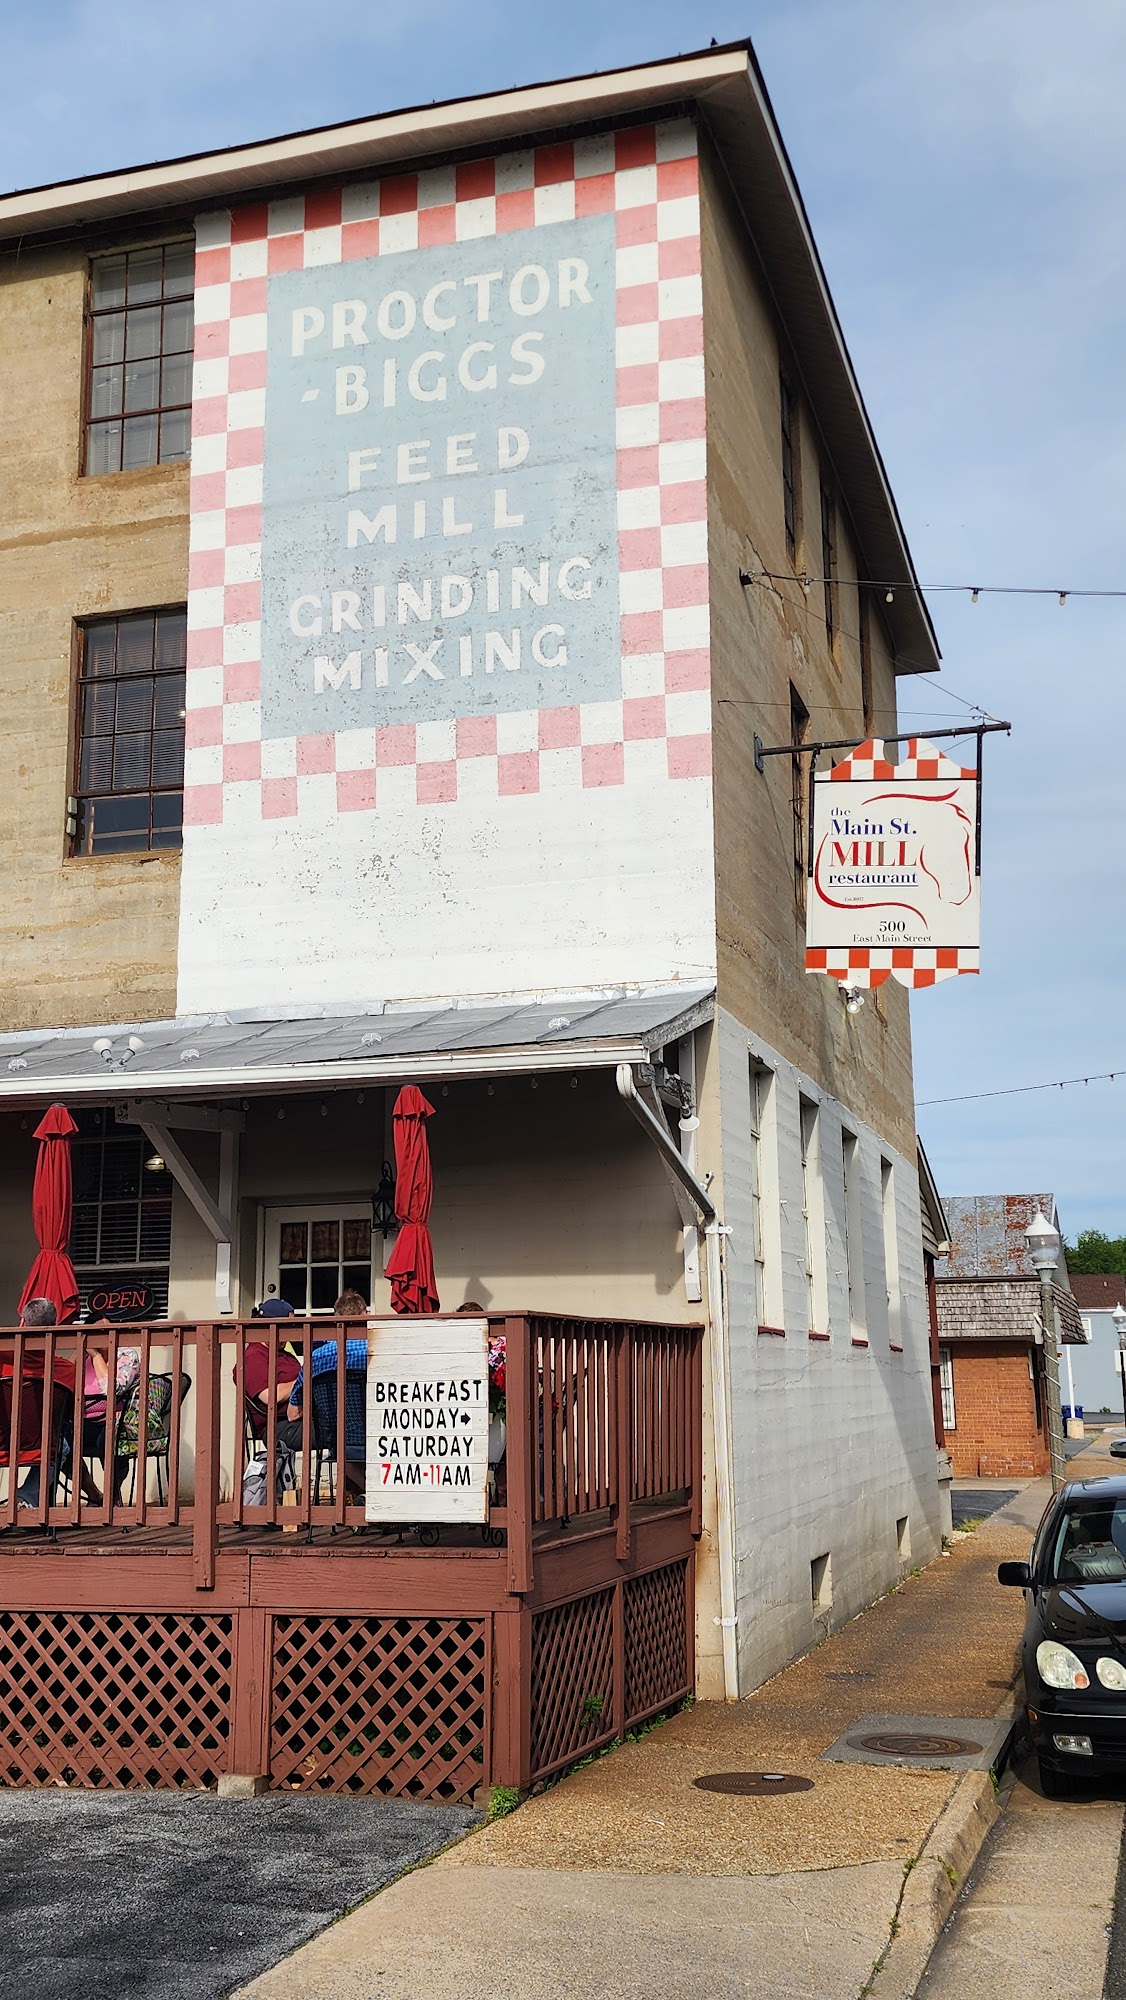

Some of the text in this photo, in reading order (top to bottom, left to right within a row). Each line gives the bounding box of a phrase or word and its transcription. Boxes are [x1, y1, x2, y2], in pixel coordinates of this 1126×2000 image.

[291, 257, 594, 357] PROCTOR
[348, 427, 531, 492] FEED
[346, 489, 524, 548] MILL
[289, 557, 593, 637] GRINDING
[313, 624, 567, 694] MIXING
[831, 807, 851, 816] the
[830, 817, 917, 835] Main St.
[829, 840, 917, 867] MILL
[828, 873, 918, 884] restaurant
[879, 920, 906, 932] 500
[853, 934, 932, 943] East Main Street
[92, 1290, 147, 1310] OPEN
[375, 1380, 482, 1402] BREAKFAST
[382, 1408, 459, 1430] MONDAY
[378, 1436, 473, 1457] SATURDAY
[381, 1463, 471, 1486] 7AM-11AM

● **Work item**
Exactly as written, give the entries above again, with no images.

● **Output of the exercise**
Some of the text in this photo, in reading order (top to bottom, left to right within a row). Each line gives the bounding box of a phrase or word and its transcription. Boxes are [x1, y1, x2, y2], in pixel coordinates of this 1126×2000 image.

[291, 257, 594, 357] PROCTOR
[348, 427, 531, 492] FEED
[346, 489, 524, 548] MILL
[289, 557, 593, 637] GRINDING
[313, 624, 567, 694] MIXING
[831, 807, 851, 816] the
[830, 817, 917, 835] Main St.
[829, 840, 917, 867] MILL
[828, 873, 918, 884] restaurant
[879, 920, 906, 932] 500
[853, 934, 932, 943] East Main Street
[92, 1290, 147, 1310] OPEN
[375, 1380, 482, 1402] BREAKFAST
[382, 1408, 459, 1430] MONDAY
[378, 1436, 473, 1457] SATURDAY
[381, 1463, 471, 1486] 7AM-11AM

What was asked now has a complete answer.